The outcome is that over the next six months 30,000 new US troops will arrive in Afghanistan, i.e. in less than two years the US military contingent will triple, reaching about 100,000. If we add up the 38,000 NATO (to increase by about 7,000), the military deployment in Afghanistan will exceed that of the USSR in the eighties, which contributed to the final disintegration of the Soviet superpower. Will Obama get what the former Soviet Kremlin could not achieve?
But there is another problem. In the aforementioned speech Obama literally said:
“As commander-in-chief, I have determined that it is in our vital national interest to send an additional 30,000 US troops to Afghanistan. After 18 months, our troops will begin to come home. These are the resources that we need to seize the initiative, while building the Afghan capacity that can allow for a responsible transition of our forces out of Afghanistan.”

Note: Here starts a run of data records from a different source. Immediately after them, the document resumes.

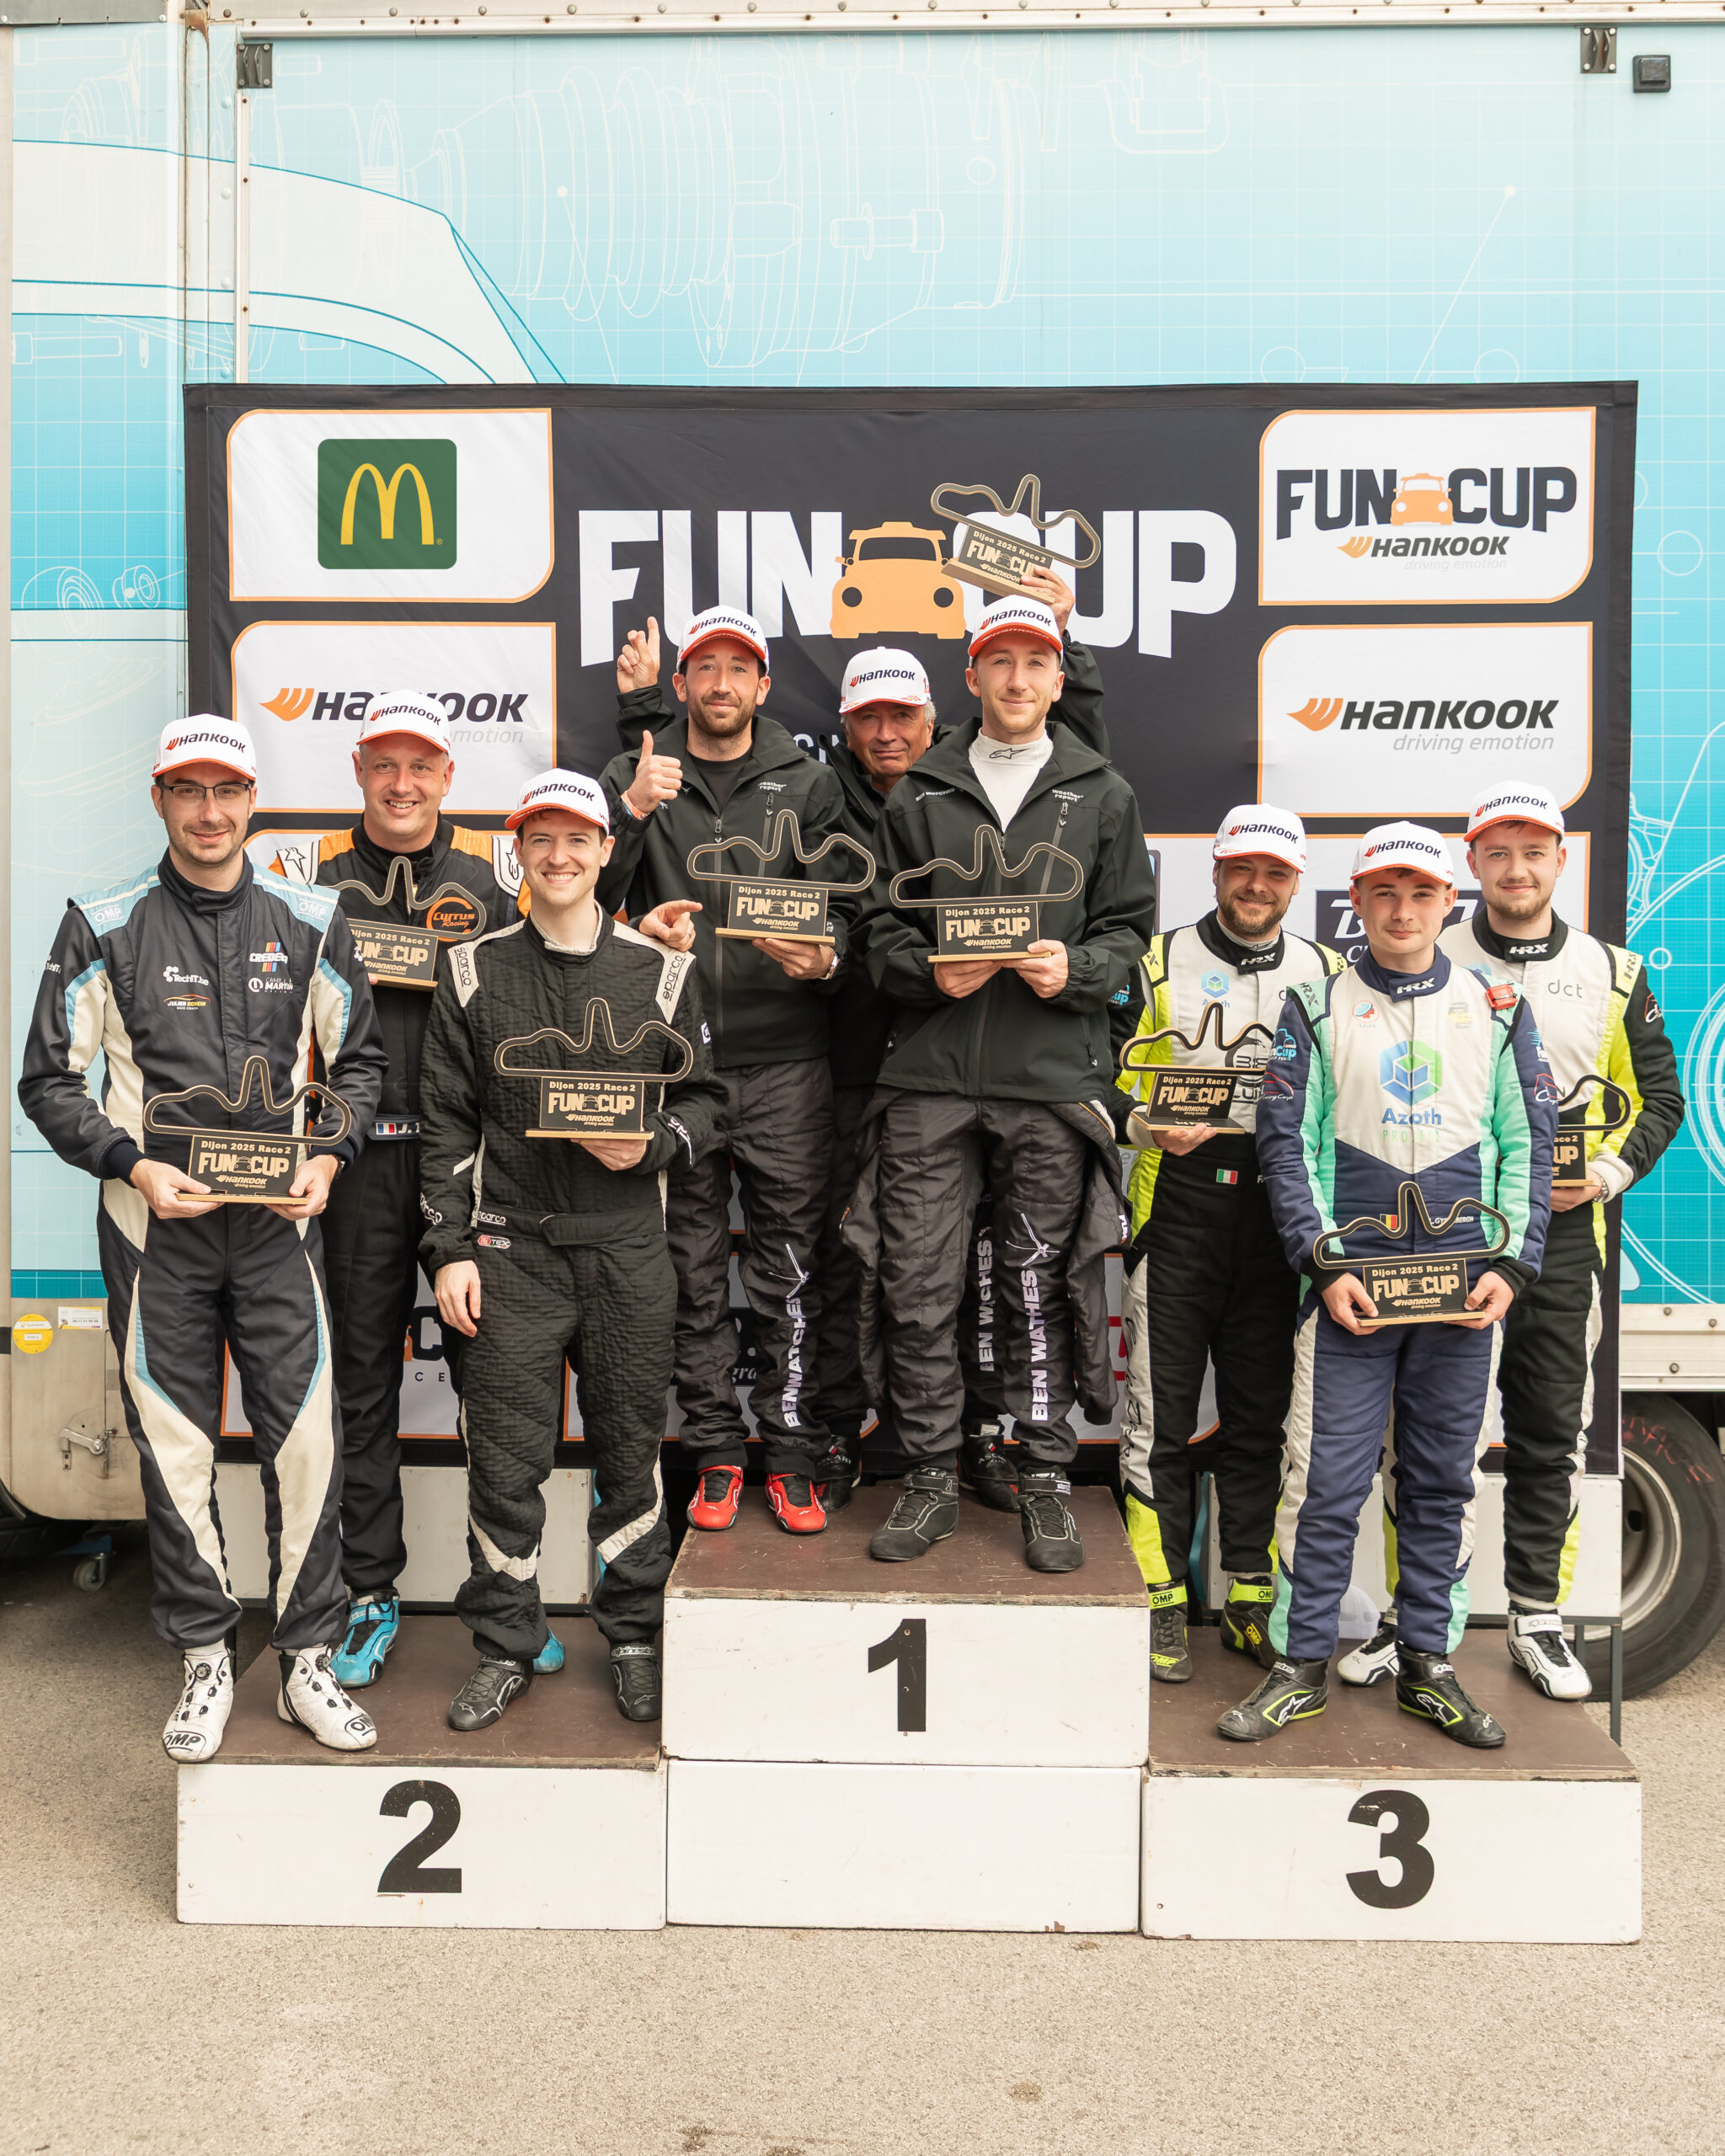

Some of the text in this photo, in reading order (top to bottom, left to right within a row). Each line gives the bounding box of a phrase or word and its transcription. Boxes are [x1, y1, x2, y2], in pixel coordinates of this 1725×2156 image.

[1276, 467, 1577, 541] FUN CUP
[973, 531, 995, 544] Dijon
[996, 540, 1017, 552] 2025
[1019, 549, 1039, 562] Race
[966, 540, 1035, 579] FUN CU
[1404, 558, 1507, 572] driving emotion
[579, 510, 842, 667] FUN
[450, 727, 524, 744] motion
[1392, 734, 1554, 754] driving emotion
[739, 886, 762, 895] Dijon
[765, 888, 788, 897] 2025
[790, 890, 814, 899] Race
[94, 907, 121, 922] OMP
[298, 901, 327, 917] OMP
[736, 896, 820, 921] FUN CUP
[973, 907, 996, 915] 2025
[375, 931, 398, 942] 2025
[400, 936, 424, 944] Race
[945, 917, 1030, 942] FUN CUP
[356, 941, 429, 966] UN CUP
[1509, 942, 1549, 954] HRX
[454, 947, 472, 987] sparco
[1241, 953, 1276, 966] HRX
[662, 955, 684, 1001] sparco
[1397, 978, 1435, 995] HRX
[1547, 979, 1583, 999] dct
[549, 1081, 574, 1091] Dijon
[577, 1082, 601, 1091] 2025
[604, 1083, 628, 1091] Race
[1157, 1086, 1190, 1105] FUN
[1198, 1087, 1229, 1106] CUP
[548, 1092, 635, 1115] FUN CUP
[1381, 1107, 1442, 1125] Azoth
[201, 1140, 227, 1150] Dijon
[231, 1143, 255, 1151] 2025
[258, 1145, 283, 1154] Race
[1553, 1145, 1579, 1165] UP
[198, 1152, 290, 1178] FUN CUP
[1372, 1267, 1397, 1278] Dijon
[1400, 1266, 1423, 1274] 2025
[1426, 1264, 1450, 1273] Race
[1372, 1274, 1460, 1302] FUN CUP
[1030, 1369, 1049, 1422] BEN
[1152, 1593, 1173, 1605] OMP
[1258, 1590, 1273, 1599] OM
[1246, 1625, 1261, 1646] OMP
[868, 1618, 927, 1732] 1
[164, 1733, 201, 1746] OMP
[377, 1780, 462, 1893] 2
[1346, 1790, 1434, 1909] 3
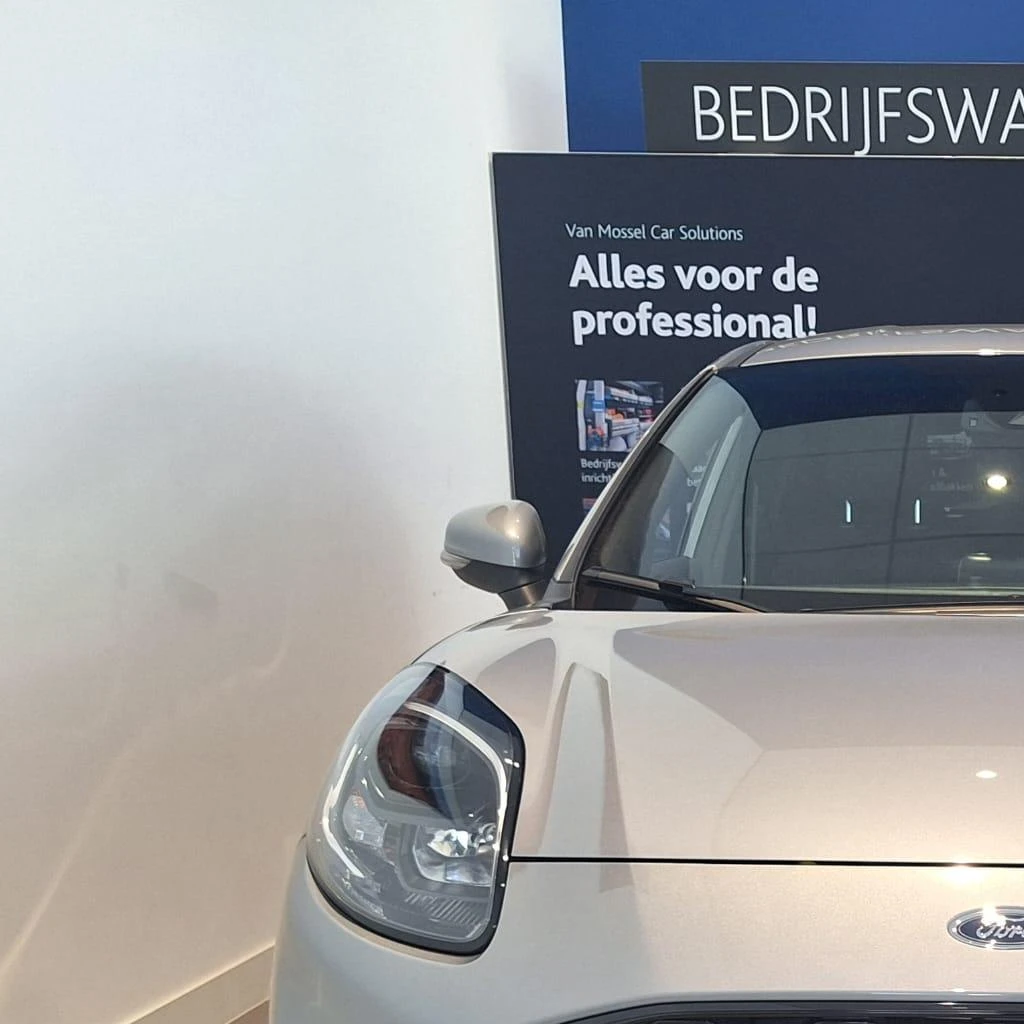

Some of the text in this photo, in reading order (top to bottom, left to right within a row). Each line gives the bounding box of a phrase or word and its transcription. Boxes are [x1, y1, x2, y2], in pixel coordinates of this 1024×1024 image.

What is and on what terms you define a “responsible transition”? When will the armed and security forces of Afghanistan be operative as to replace foreign troops of occupation? That’s not up to the White House nor NATO. Uncertainty is the same as before the speech delivery because the objectives of this war are still not clearly defined.
“I make this decision because I am convinced that our security is at stake in Afghanistan and Pakistan,” Obama said. “This is the epicenter of the violent extremism practiced by al-Qaida. It is from here that we were attacked on 9/11, and it is from here that new attacks are being plotted as I speak.”
President Barak Obama chose not to recall that his predecessor in the White House was the true catalyst for the spread of terrorism in these and other countries, with his aberrant “preventive war on terror”.
Even if it seems simplistic, it looks as if Obama gets rid of the straight weight on Afghanistan, putting it on the shoulders of the Pentagon and NATO, to pursue other more immediate and politically profitable concerns. A step forward in the usual militarization of US foreign policy, that Obama does not seem determined to change.